Practice/Uber/Leetcode 749. Contain Virus

Leetcode 749. Contain Virus

CodingOptional

Problem

You are given a 2D grid representing a geographic area where each cell is either infected (1) or uninfected (0). The infection spreads daily according to specific rules, and your task is to minimize the total damage by strategically building containment walls.

Spreading Mechanism:

• Each day, infected cells can spread to adjacent uninfected cells in four directions (up, down, left, right)
• Multiple disconnected infected regions may exist on the grid

Daily Containment Process:

Each day, before the infection spreads, you must:

1. Identify all distinct infected regions (connected components of infected cells)

2. For each region, calculate:

   • How many uninfected cells it would threaten (adjacent uninfected cells)
   • How many walls would be needed to completely quarantine it

3. Select the region that threatens the most uninfected cells

4. Build walls around that selected region to permanently contain it

5. Allow all other regions to spread to their adjacent uninfected cells

This process repeats each day until no infected region can spread further.

Return the total number of walls built throughout the entire containment process.

Requirements

1. Implement a simulation that processes each day sequentially
2. Correctly identify all connected infected regions using traversal algorithms
3. Calculate the threat level (number of unique uninfected cells at risk) for each region
4. Calculate the perimeter (number of walls needed) for each region
5. Apply the greedy strategy: always contain the region with maximum threat first
6. Handle ties by selecting any region with maximum threat
7. Continue simulation until no region can spread further

Constraints

• m == isInfected.length (number of rows)
• n == isInfected[i].length (number of columns)
• 1 ≤ m, n ≤ 50
• isInfected[i][j] is either 0 or 1
• The grid may have multiple disconnected infected regions
• Time complexity: Aim for O(days × m × n × (m × n)) where days is typically small
• Space complexity: O(m × n) for tracking visited cells and region information

Examples

Example 1:

` Input: isInfected = [[0,1,0,0,0,0,0,1], [0,1,0,0,0,0,0,1], [0,0,0,0,0,0,0,1], [0,0,0,0,0,0,0,0]] Output: 10 Explanation: Day 1: Two regions exist.

• Left region: threatens 2 cells, needs 10 walls
• Right region: threatens 4 cells, needs 9 walls Contain the right region (4 > 2).

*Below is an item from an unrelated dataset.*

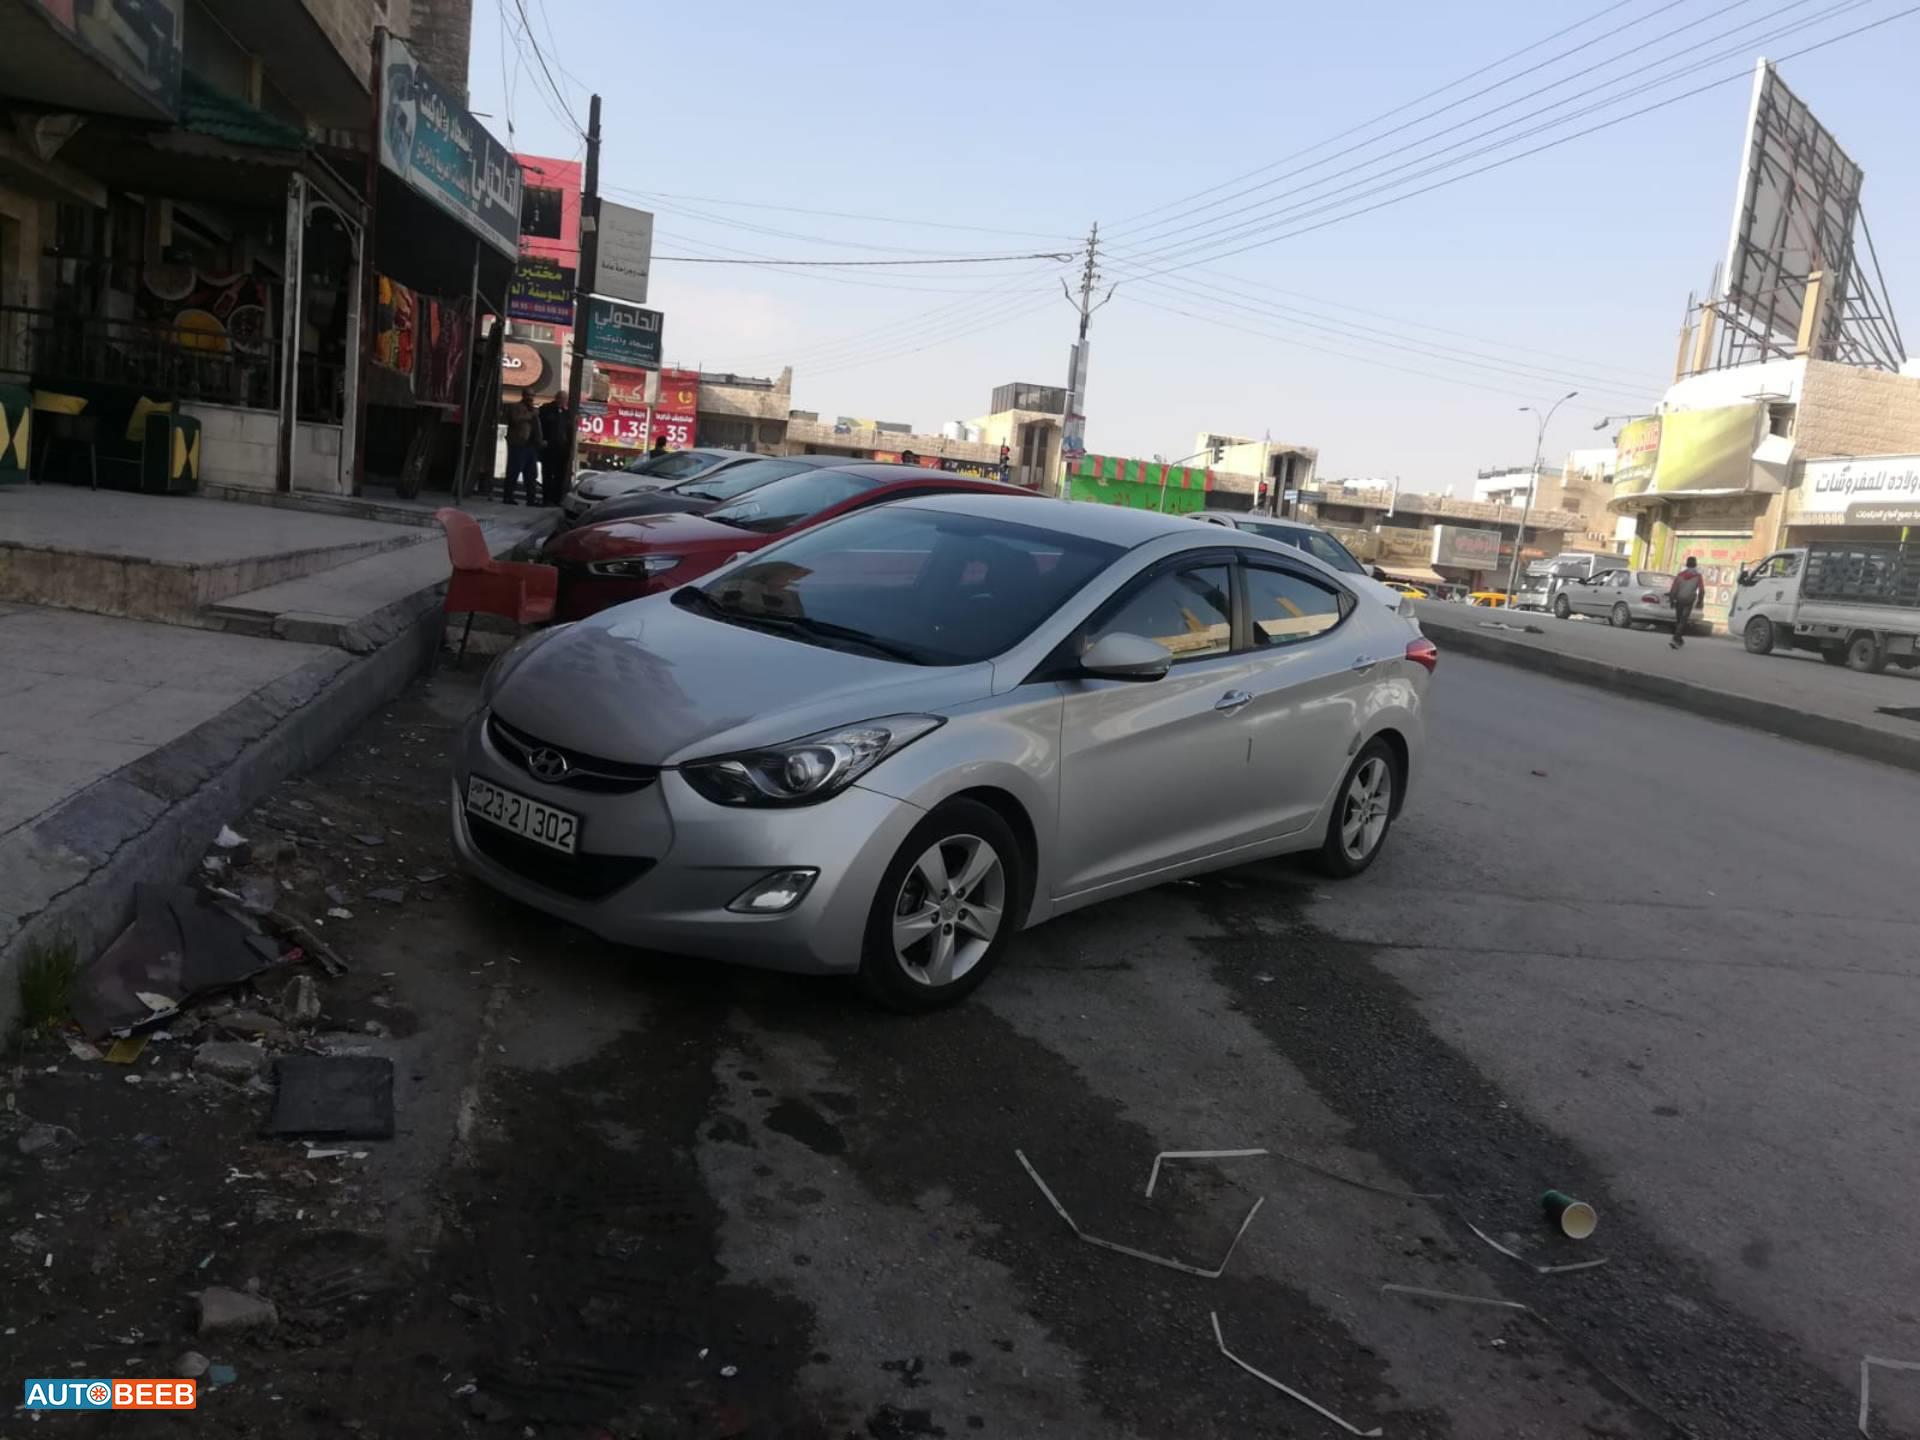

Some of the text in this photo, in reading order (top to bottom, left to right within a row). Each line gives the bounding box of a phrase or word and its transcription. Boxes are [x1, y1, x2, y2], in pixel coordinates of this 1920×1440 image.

[594, 304, 660, 333] الحلحولي
[1815, 464, 1920, 496] ولاده للمفروشات
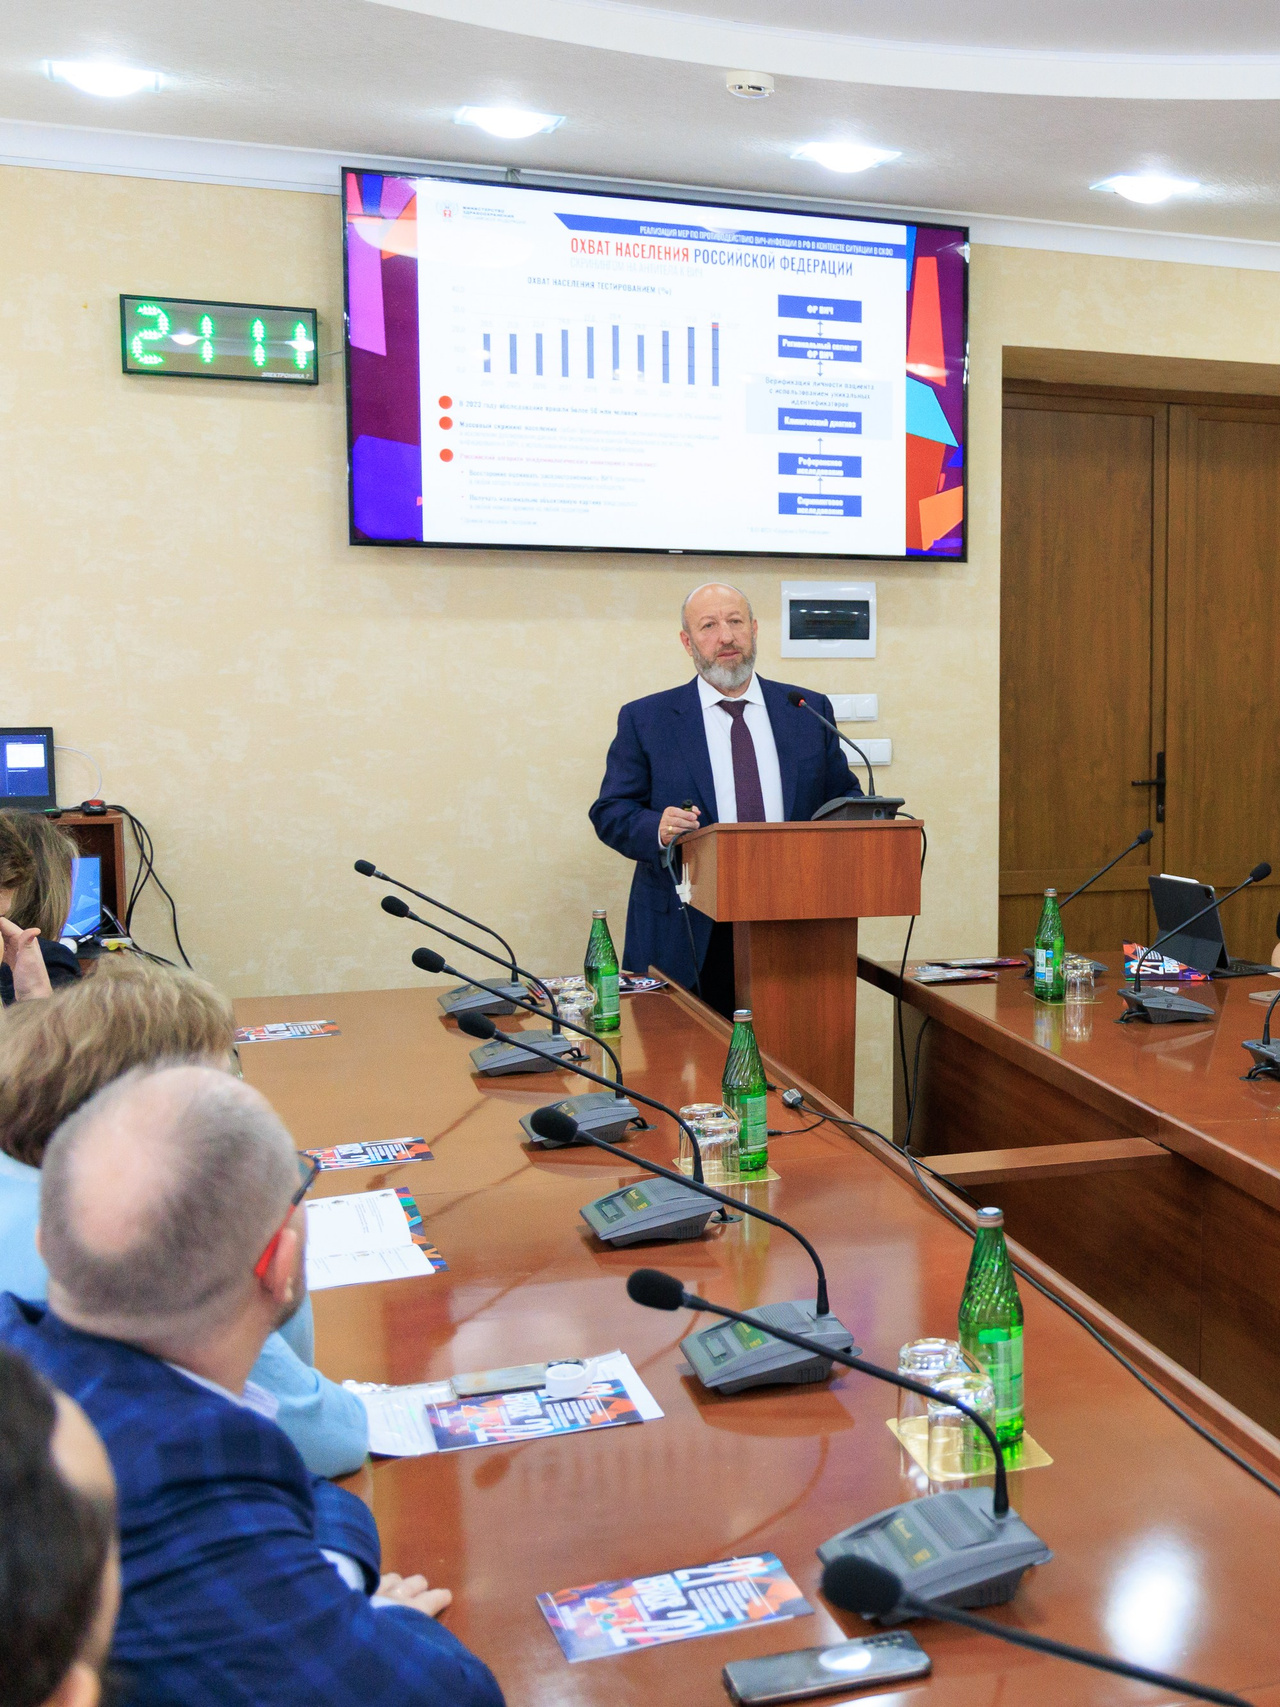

Build 9 walls... (actually the left is contained first based on calculation) Continue until all spreading stops. Total: 10 walls. `

Example 2:

Input: isInfected = [[1,1,1], [1,0,1], [1,1,1]] Output: 4 Explanation: One region surrounds a single uninfected cell in the center. The region threatens 1 cell and needs 4 walls (the four sides of the center cell). After building 4 walls, the center is protected and no further spreading occurs.

Example 3:

Input: isInfected = [[1,1,1,0,0,0,0,0,0], [1,0,1,0,1,1,1,1,1], [1,1,1,0,0,0,0,0,0]] Output: 13 Explanation: Multiple regions compete. The right region threatens more cells initially. Contain regions strategically over multiple days until all are contained or can't spread.